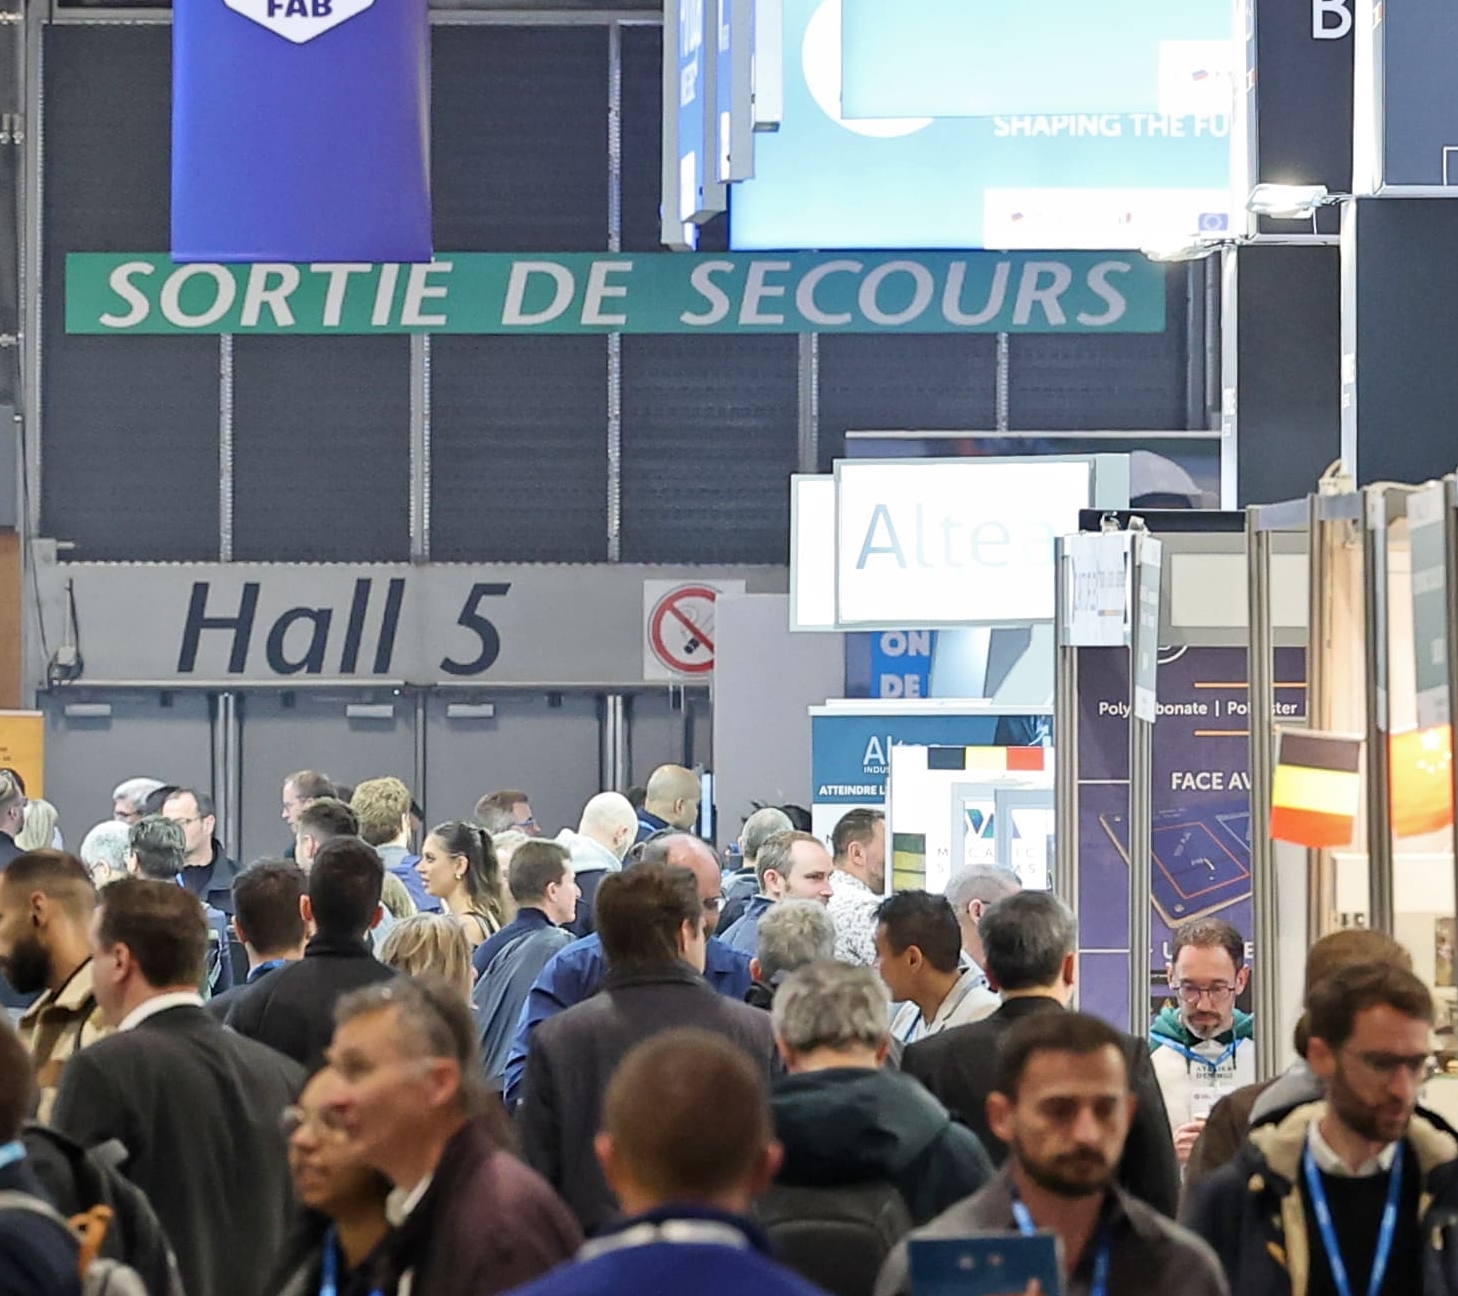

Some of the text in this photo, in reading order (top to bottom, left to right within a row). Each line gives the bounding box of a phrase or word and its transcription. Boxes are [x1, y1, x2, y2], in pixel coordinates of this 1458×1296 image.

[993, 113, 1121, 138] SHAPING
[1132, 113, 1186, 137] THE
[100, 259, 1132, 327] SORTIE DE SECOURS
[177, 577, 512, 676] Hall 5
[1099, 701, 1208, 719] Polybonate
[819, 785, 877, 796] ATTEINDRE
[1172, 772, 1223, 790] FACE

## How to complete this task
Every line above is to be reproduced verbatim, and the pictures are to be omitted.

## Exercise answer
Some of the text in this photo, in reading order (top to bottom, left to right within a row). Each line gives the bounding box of a phrase or word and its transcription. Boxes are [x1, y1, x2, y2], in pixel coordinates of this 1458×1296 image.

[993, 113, 1121, 138] SHAPING
[1132, 113, 1186, 137] THE
[100, 259, 1132, 327] SORTIE DE SECOURS
[177, 577, 512, 676] Hall 5
[1099, 701, 1208, 719] Polybonate
[819, 785, 877, 796] ATTEINDRE
[1172, 772, 1223, 790] FACE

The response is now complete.